Researches


I have interest in a number of different areas. Here is the list in no particular order.

numerical linear algebra

I have been doing research and developing software in AMG, iterative algorithms and geometric multigrid. A parallel AMG code SAM (Scalable Algebraic Multigrid) has been developed.

dynamic load balancing

For many practical applications, such as adaptive mesh based calculations, the load changes during the course of parallel computation, making it necessary to balance the load dynamicly, and in parallel. Most of the existing parallel dynamic load balancing algorithms involve two steps: flow calculation and migration. The traditional algorithm for flow calculation is the diffusion algorithms. We have proved that this type of algorithms are "optimal" in terms of the amount of load migration.

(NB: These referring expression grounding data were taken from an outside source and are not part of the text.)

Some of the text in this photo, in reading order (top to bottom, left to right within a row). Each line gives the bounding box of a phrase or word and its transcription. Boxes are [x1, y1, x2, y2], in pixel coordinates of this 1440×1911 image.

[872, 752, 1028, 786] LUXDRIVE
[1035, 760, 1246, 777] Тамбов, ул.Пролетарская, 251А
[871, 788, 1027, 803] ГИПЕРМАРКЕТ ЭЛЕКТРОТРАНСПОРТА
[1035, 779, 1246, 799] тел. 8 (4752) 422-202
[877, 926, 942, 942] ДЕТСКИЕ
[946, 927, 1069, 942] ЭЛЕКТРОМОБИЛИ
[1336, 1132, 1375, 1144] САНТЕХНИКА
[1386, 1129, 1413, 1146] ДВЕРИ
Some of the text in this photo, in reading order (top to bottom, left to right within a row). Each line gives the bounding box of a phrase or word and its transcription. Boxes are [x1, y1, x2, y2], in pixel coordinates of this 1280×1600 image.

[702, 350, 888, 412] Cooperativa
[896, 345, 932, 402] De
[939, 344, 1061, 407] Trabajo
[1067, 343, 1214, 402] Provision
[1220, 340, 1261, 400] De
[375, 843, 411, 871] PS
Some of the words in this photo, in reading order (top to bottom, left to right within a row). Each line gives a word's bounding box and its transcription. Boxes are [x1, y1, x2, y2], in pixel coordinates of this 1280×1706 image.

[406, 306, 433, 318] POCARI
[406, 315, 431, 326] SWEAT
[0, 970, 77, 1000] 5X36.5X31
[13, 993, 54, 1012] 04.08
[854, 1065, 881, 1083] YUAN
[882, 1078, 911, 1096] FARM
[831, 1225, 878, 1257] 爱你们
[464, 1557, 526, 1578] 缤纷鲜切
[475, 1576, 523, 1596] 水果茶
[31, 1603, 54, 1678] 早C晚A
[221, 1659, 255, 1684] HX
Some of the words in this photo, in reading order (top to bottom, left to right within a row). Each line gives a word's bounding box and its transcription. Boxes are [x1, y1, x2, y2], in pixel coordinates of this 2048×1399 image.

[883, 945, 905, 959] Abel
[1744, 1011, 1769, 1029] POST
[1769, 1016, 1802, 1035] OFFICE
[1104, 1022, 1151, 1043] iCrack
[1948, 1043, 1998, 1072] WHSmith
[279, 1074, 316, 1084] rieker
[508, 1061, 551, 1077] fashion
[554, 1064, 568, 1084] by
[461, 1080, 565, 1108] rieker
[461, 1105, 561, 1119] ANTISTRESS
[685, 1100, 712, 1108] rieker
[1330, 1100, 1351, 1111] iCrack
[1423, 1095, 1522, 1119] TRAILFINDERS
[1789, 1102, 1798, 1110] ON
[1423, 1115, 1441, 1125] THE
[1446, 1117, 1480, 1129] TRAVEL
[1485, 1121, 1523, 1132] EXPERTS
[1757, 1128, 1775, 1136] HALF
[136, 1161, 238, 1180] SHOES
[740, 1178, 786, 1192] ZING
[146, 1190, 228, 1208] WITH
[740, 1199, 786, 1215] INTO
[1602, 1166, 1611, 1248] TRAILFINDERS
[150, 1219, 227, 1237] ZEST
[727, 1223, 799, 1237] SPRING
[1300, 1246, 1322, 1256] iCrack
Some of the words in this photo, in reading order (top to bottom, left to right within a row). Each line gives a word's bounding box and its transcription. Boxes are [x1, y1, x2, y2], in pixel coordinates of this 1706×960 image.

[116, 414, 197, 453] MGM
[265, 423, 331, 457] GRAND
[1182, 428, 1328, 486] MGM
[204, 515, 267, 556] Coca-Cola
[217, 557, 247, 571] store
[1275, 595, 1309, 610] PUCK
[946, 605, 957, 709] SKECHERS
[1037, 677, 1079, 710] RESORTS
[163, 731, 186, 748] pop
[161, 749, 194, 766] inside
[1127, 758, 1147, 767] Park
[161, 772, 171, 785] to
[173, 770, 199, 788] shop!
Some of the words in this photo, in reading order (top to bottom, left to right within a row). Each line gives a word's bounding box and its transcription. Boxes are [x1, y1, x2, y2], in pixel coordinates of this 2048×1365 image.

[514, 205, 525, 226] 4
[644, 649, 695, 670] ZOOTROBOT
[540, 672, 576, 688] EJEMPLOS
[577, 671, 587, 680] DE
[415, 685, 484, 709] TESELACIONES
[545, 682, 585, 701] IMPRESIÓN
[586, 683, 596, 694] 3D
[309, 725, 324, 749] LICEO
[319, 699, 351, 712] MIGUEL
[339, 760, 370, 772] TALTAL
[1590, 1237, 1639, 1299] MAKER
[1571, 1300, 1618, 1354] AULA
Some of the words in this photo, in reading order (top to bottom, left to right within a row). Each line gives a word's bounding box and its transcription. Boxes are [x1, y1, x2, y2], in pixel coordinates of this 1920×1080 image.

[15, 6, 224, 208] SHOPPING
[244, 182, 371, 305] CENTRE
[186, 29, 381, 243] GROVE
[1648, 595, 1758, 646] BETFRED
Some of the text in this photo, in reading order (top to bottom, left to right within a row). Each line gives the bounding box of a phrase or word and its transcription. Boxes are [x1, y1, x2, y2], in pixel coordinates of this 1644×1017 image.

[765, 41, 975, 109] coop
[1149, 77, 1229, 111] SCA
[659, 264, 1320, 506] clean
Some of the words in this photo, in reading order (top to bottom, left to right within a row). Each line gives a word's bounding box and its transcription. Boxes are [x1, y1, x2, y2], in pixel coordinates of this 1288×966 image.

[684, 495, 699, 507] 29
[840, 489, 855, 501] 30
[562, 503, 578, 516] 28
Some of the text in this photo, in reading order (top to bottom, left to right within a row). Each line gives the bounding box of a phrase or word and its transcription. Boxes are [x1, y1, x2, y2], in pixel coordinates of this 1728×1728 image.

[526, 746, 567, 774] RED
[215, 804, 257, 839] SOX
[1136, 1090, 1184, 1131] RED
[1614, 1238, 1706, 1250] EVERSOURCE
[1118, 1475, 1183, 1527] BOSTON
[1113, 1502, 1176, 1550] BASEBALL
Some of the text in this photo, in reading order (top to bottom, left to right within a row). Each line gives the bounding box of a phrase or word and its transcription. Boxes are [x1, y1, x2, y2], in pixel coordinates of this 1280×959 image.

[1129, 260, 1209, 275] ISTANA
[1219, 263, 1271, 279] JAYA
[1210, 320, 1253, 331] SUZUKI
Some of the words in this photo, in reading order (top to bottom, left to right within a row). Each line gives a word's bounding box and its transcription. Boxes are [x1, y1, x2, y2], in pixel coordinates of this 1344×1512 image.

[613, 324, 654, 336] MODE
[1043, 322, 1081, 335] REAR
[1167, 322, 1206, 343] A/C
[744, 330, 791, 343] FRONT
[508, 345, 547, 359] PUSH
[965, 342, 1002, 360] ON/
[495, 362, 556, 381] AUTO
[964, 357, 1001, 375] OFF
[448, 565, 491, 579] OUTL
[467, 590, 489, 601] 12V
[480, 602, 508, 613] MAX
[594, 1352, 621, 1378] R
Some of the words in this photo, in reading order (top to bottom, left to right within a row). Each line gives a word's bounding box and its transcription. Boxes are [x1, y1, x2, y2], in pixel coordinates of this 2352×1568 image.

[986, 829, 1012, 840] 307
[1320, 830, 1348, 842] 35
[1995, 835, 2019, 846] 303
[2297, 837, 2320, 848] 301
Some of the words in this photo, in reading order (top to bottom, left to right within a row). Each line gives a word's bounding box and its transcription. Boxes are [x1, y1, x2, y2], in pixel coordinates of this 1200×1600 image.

However we have proposed a new algorithm which is also "optimal", but is much more efficient.

static load balancing (grid partitioning)

the numerical solution of partial differential equations usually involves dividing up the physical domain into small elements or volumes to form a mesh. To solve the problem on a distributed memory parallel computer, the mesh should be decomposed into subdomains, the number of which usually equals the number of processors, with each subdomain assigned to a unique processor. The static load balancing problem is that of how to decompose the mesh into subdomains so that each processor has about the same amount of computation and so that the communication cost between processors is minimized, with the overall aim of minimizing the runtime of the calculation.
Figure: mesh around a car body partitioned into 16 subdomains.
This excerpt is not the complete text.